Vertical equality, in the context of distributing an estate (a person's money, property, and other assets after their death), is a principle that ensures each distinct line of descent from the deceased (typically originating from their children) ultimately receives an equal share of the estate. This means that regardless of how many individuals are in a particular family branch, the total portion allocated to that child's family line will be the same as for other child's family lines. While estate distributions can sometimes be "per capita" (meaning equally among individuals), vertical equality focuses on achieving equal treatment for these larger family lines.

  • Example 1: Ensuring Equal Family Shares in a Will

    A grandmother passes away, leaving an estate to be divided among her descendants. She had two children, Sarah and Tom. Sarah has three children (grandchildren S1, S2, S3), and Tom has one child (grandchild T1). The grandmother's will specifies that her estate should be distributed "per stirpes," a method designed to achieve vertical equality. This means the estate is first divided into two equal shares: one for Sarah's line and one for Tom's line.

    If Sarah has predeceased the grandmother, her 1/2 share would be divided equally among her three children (S1, S2, S3), so each receives 1/6 of the estate. Tom, if alive, would receive his 1/2 share. If Tom has also predeceased, his 1/2 share would go to his child (T1). In this scenario, the total share received by Sarah's family line (Sarah and her descendants) is 1/2, and the total share received by Tom's family line (Tom and his descendants) is also 1/2. This demonstrates vertical equality because each child's family branch ultimately receives an equivalent portion of the inheritance, ensuring fairness between the lines of descent.

  • Example 2: When Vertical Equality is Not Achieved

    A wealthy individual's will states that their estate should be divided "per capita" among all their living grandchildren. The individual had two children: Mark, who has two children (grandchildren M1, M2), and Nancy, who has five children (grandchildren N1, N2, N3, N4, N5). Assuming Mark and Nancy have predeceased, the estate is divided equally among the seven grandchildren. Each grandchild receives 1/7 of the estate.

    In this distribution, Mark's family line (M1 and M2) collectively receives 2/7 of the estate, while Nancy's family line (N1, N2, N3, N4, N5) collectively receives 5/7 of the estate. This outcome does not achieve vertical equality because the total shares received by Mark's family line and Nancy's family line are unequal. This example highlights that while a pure "per capita" distribution ensures horizontal equality (all individuals at that generational level get the same share), it often sacrifices vertical equality by not treating each family line equally.

  • Example 3: Trust Distribution Prioritizing Family Lines

    A parent establishes a trust for their two adult children, Alex and Beth, and their future descendants. The trust document specifies that upon the parent's death, the trust assets should be managed to ensure "vertical equality" in distribution to Alex's family line and Beth's family line. Alex has one child, while Beth has three children.

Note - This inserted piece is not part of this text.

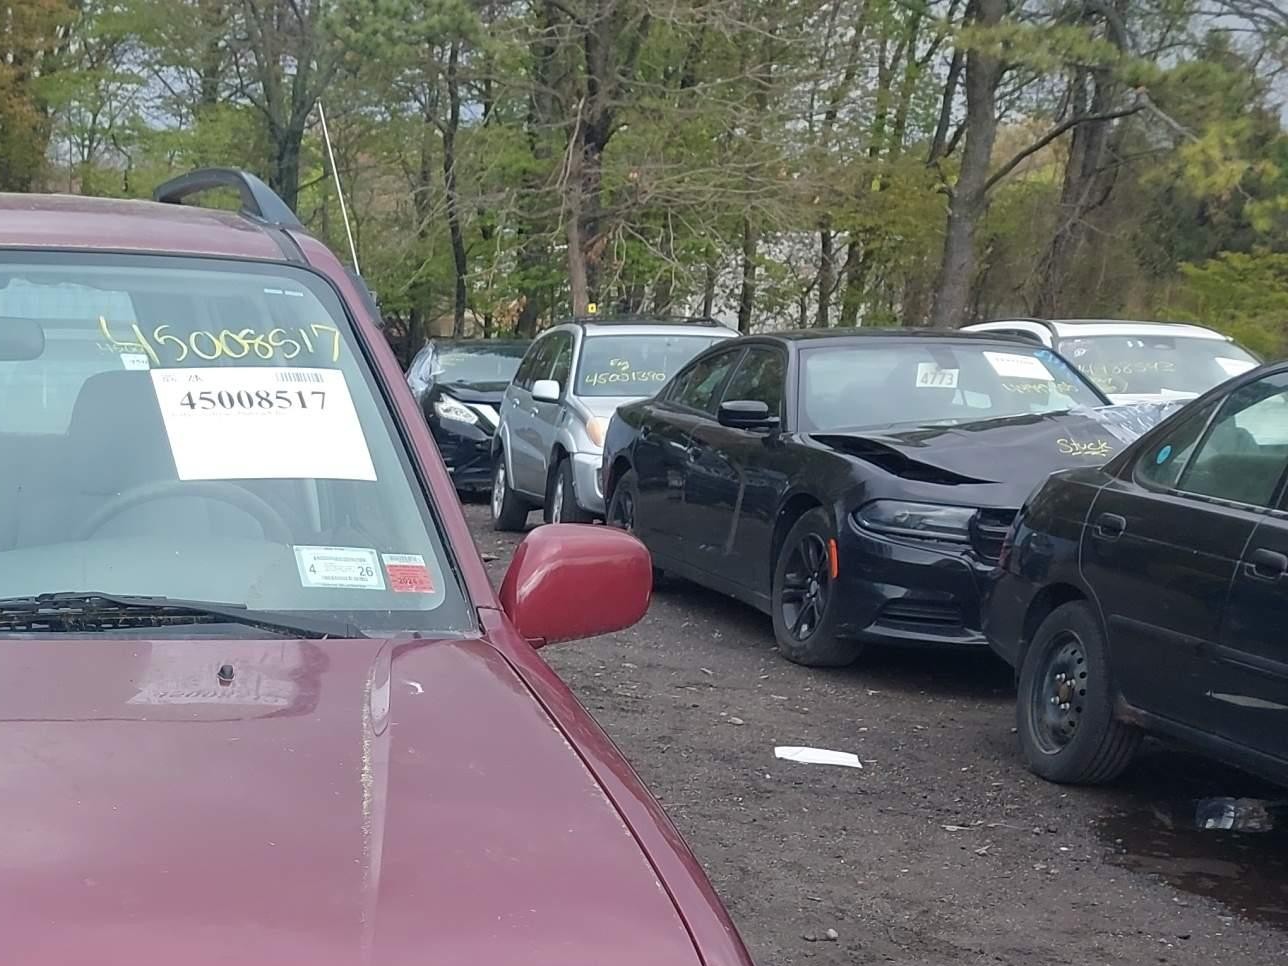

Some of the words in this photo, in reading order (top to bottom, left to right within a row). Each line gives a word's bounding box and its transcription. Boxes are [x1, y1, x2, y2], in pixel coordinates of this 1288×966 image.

    The trust ensures that the total benefit (whether through direct distributions or future inheritance) allocated to Alex's family line (Alex and his child) is equivalent to the total benefit allocated to Beth's family line (Beth and her three children). For instance, if the trust eventually distributes its principal, it might be divided 50% to Alex's line and 50% to Beth's line, regardless of the number of individuals in each line at the time of distribution. This illustrates vertical equality by prioritizing the equal treatment of the two family branches over equal individual shares.

Simple Definition

Vertical equality, in the context of estate distribution, refers to the principle of ensuring fair and equal shares among the different family lines of the deceased. When an estate is divided "per capita," it means each child's family ultimately receives an equivalent portion, maintaining parity across those distinct branches of the family.